Bob Dylan was one of those guys that I never listened to because everyone said he was great. I thought I was too alternative, and that he was too mainstream. Boy was I wrong. I now call this the “Nirvana Principle”.
Nirvana Principal (coined by D.C Maxwell 2024): When a band/artist is so overrated they become underrated. When everyone has heard of this artist, people forget why everyone knows them: how bloody incredible they are.
This was the first Bob Dylan record I properly listened to, and it has never left my all-time top five albums. It simultaneously knocked me out of the park and drew me in with how plain god-damned nice it is to listen to.
Before I heard it I was listening to a lot of Leonard Cohen. I remember sending huge eye-rolls skyward when Bob Dylan won the Nobel Prize, thinking Leonard should have it. But then I saw Cohen say that giving Dylan the prize was like "pinning a medal on Mt. Everest for being the highest mountain". Meaning, everyone already knows he's the best. So then I thought, If Cohen says that then maybe I better listen to this guy.
I think I chose New Morning because of his face on the cover. Bob looks grizzled and unkempt, and not at all like the skinny folky New Yorker of his early years, or the denim vest speed freak of later years (the two eras I knew him from).
Behind the piss yellow cowboy sepia tone cover, He had this twinkle in his eyes that was like saying - “c'mere kid, I'm gonna tell you a yarn you ain't gonna soon forget”. He was right.
This record up-ended a lot of opinions I had previously held about Bob Dylan - mainly that his songs were long and complicated. With most songs under 3 minutes, this album is a masterclass in brevity. Every song on the album is a well-crafted country-pop jewel.
The lyrics are weird, and provoke strange images - but it's not nonsense - he is getting to the heart of real things that we experience (e.g. love, loss, boredom, awe) in a way that upends our expectations of songwriting.
This may be cheating, but just to entice people to listen the album includes two of Dylan's most famous love songs: If Not For You (brilliantly covered by George Harrison) and The Man in Me (of The Big Lebowski fame - also a hell of a song).

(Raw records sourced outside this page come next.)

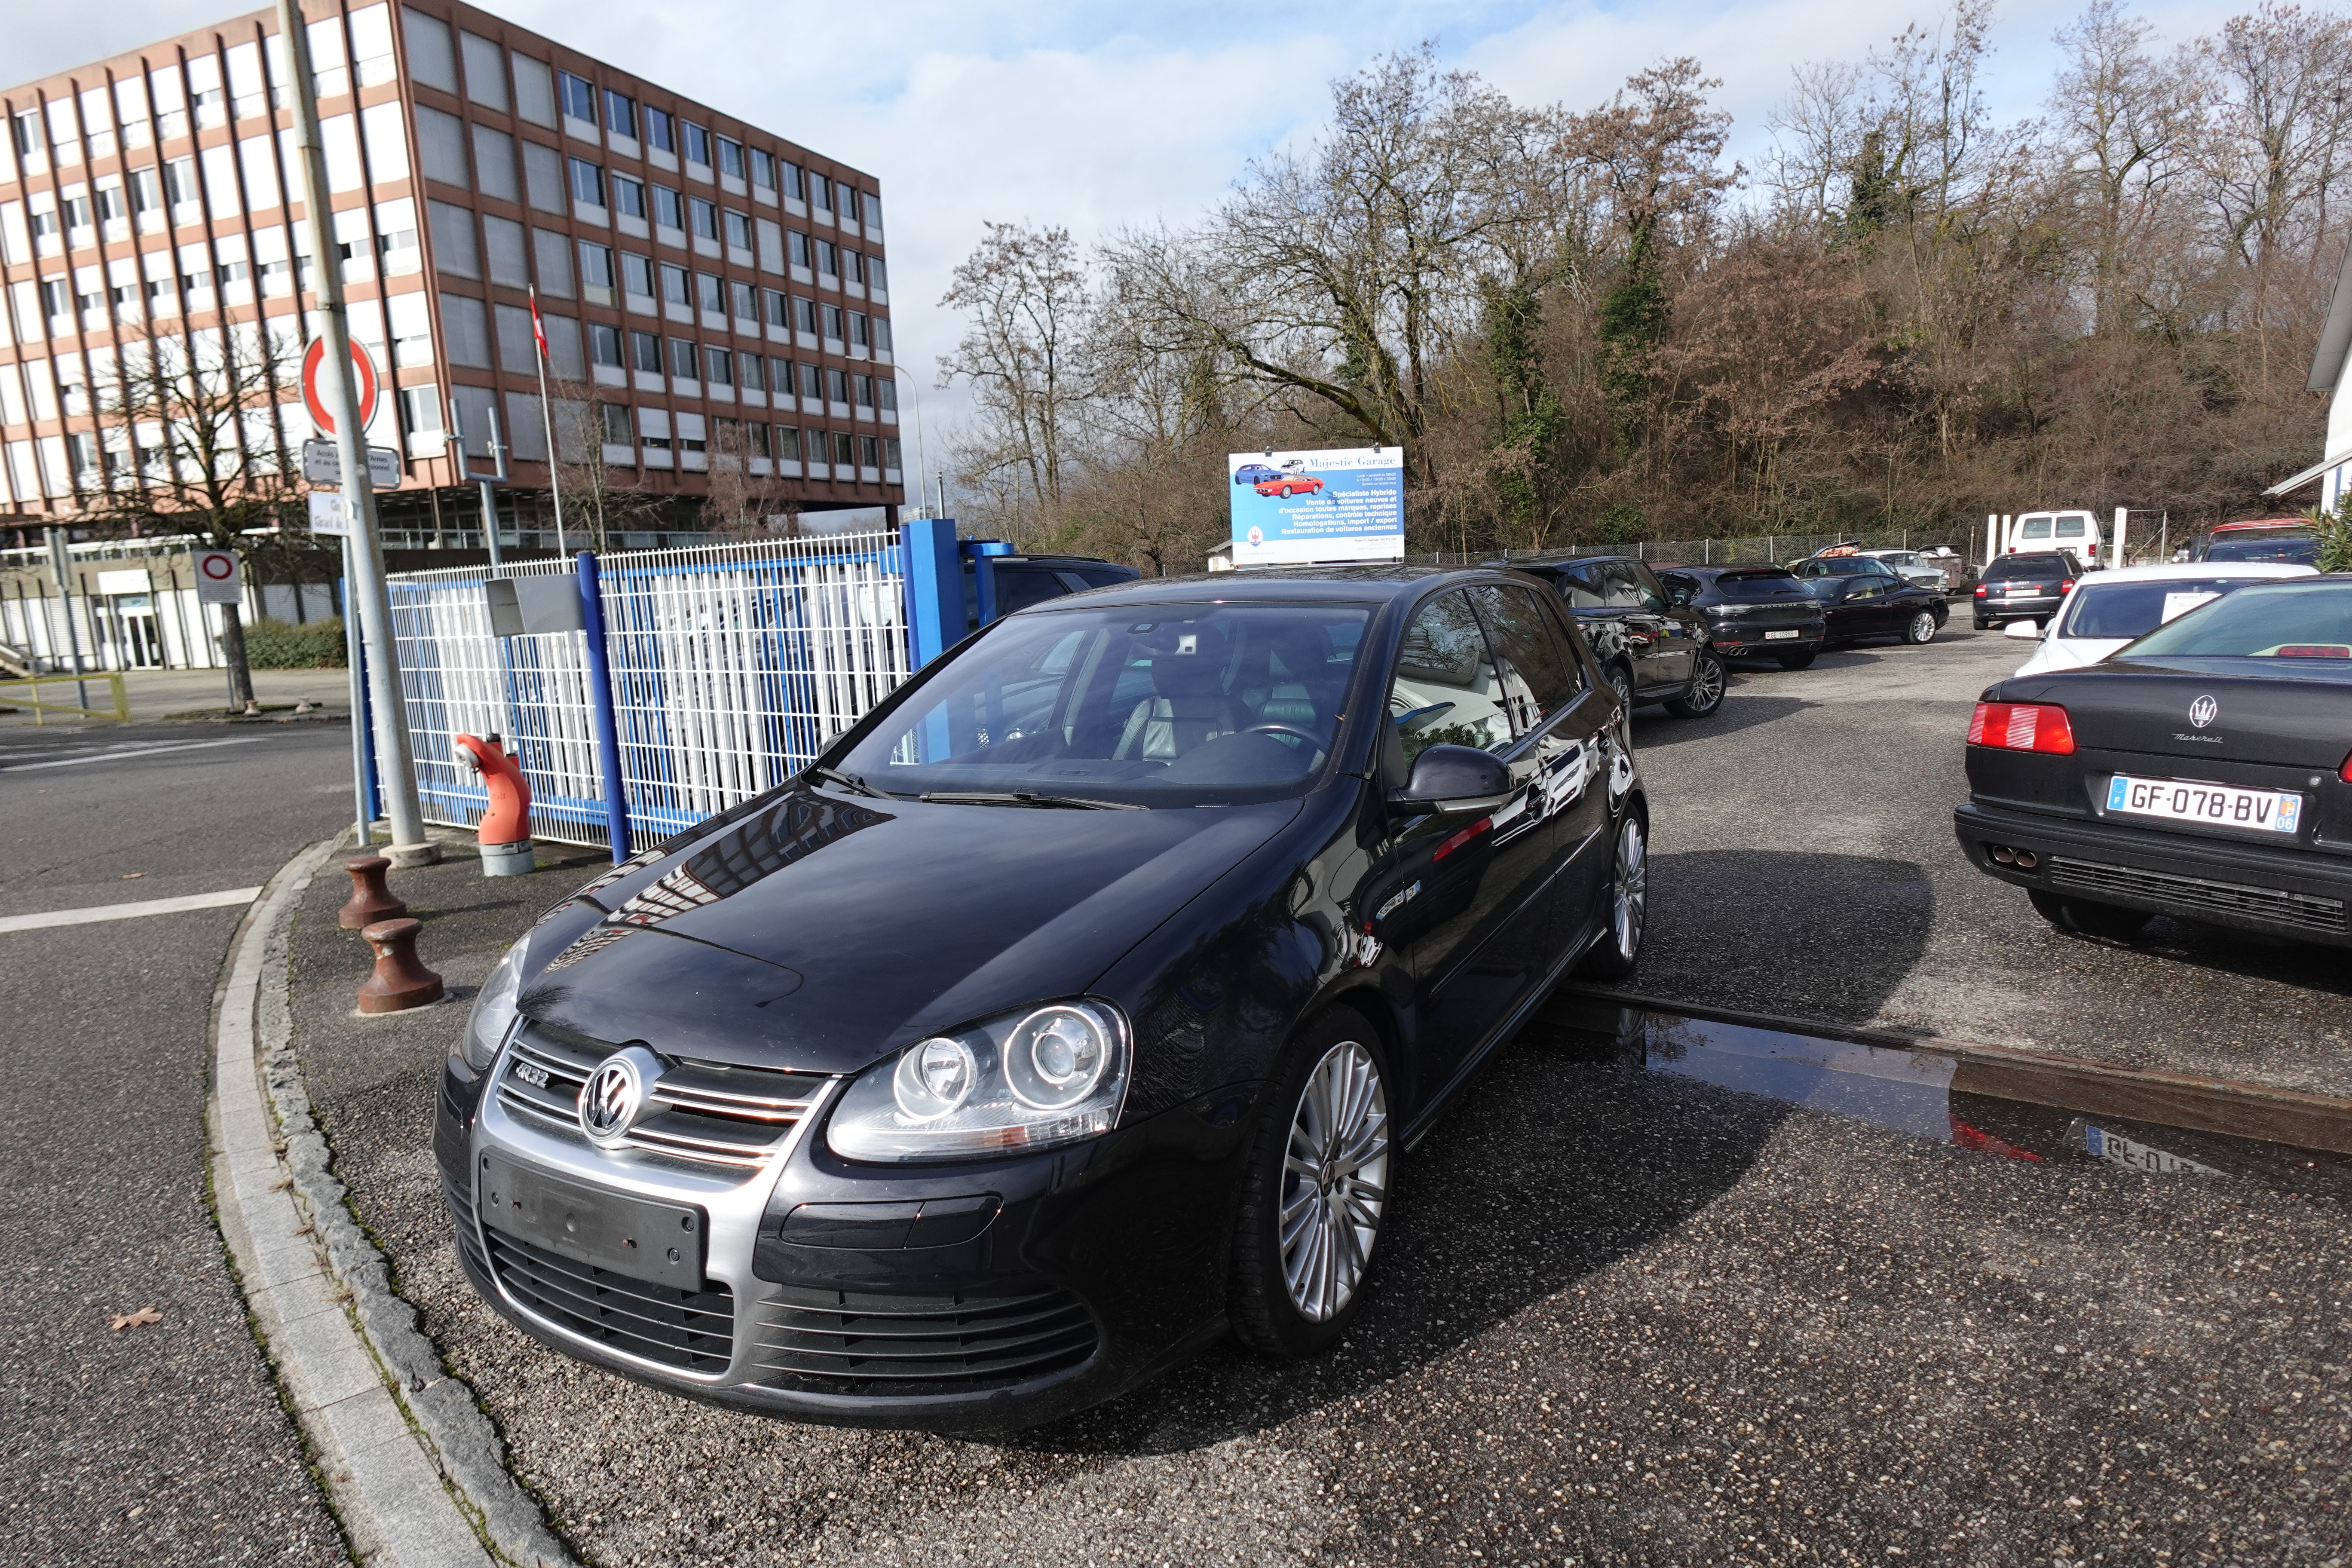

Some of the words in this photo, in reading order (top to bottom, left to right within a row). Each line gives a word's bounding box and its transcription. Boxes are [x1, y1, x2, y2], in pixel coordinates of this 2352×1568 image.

[1309, 458, 1353, 469] Majestic
[1357, 456, 1396, 467] Garage
[1333, 490, 1369, 499] Spécialiste
[1371, 489, 1396, 498] Hybride
[1292, 513, 1334, 521] Réparations,
[1364, 510, 1397, 518] technique
[1293, 519, 1346, 527] Homologations,
[2171, 733, 2223, 743] Maserati
[2131, 784, 2272, 823] GF-078-BV
[2276, 817, 2293, 830] 06
[517, 1063, 549, 1088] R32
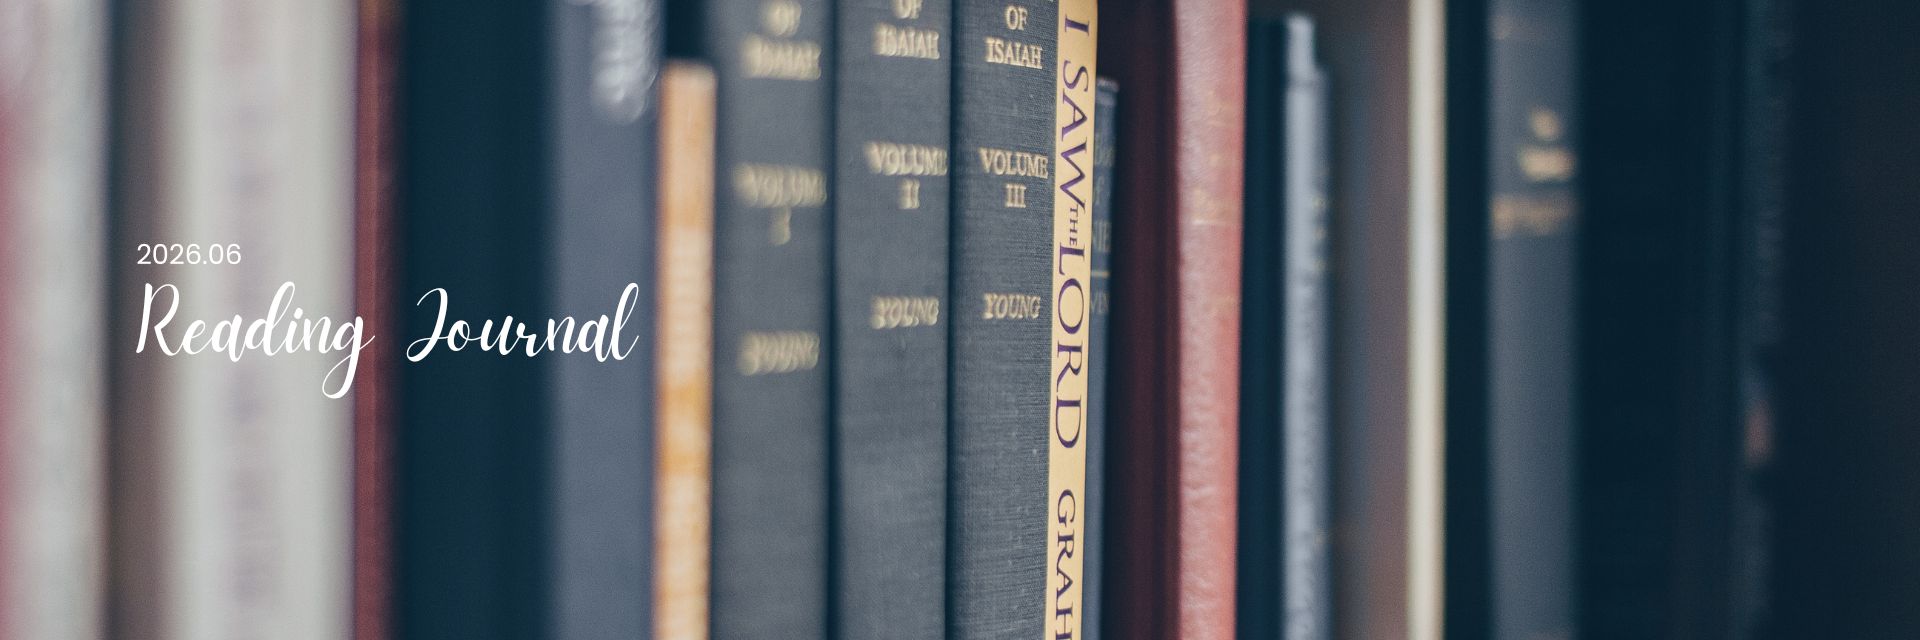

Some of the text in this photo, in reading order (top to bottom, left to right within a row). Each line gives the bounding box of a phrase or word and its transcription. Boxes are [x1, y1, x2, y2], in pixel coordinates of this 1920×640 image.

[1005, 5, 1028, 31] OF
[874, 23, 940, 60] ISAIAH
[985, 37, 1043, 69] ISAIAH
[980, 148, 1048, 179] VOLUME
[900, 178, 920, 209] II
[1005, 184, 1027, 208] III
[871, 296, 938, 328] YOUNG
[983, 294, 1040, 319] YOUNG
[1055, 14, 1090, 640] I SAW THE LORD GRAH

Went to See The Gypsy his hilariously boring song about meeting Elvis, including lines like: "Went to see the Gypsy - Staying in a big hotel - He smiled when he saw me coming - And he said 'Well, well, well' - His room was dark and crowded - The lights were low and dim - 'How are you?' he said to me, 'I said it back to him'." It's so good and nothing happens. I love it.
Sign on the Window is another incredible song. I do not understand it but it moves me every time I hear it. It taught me that simple descriptions can be just as powerful as straight narrative. Also, Dylan's voice is just beautiful - not something people often say!
I listened to this album shortly after finishing my debut record Lone Rider. But when I think of my next album I definitely think about New Morning. I am trying to follow Bob's lead leaning into shorter pop songs that still pack a punch. Following my songwriting nose into any dungpile necessary to get across the feeling of the song. Following my emotional instinct and not being so married to 'sense', does that make sense haha?
New Morning is also just a lot of fun to listen to. Beautiful warm Sunday morning album to put on while the coffee is brewing and to lay in the sun and ponder what the rest of the day may hold. I have listened to it now hundreds of times and I never get bored or skip a track, it's like a brilliant painting, what do they call it - a masterpiece!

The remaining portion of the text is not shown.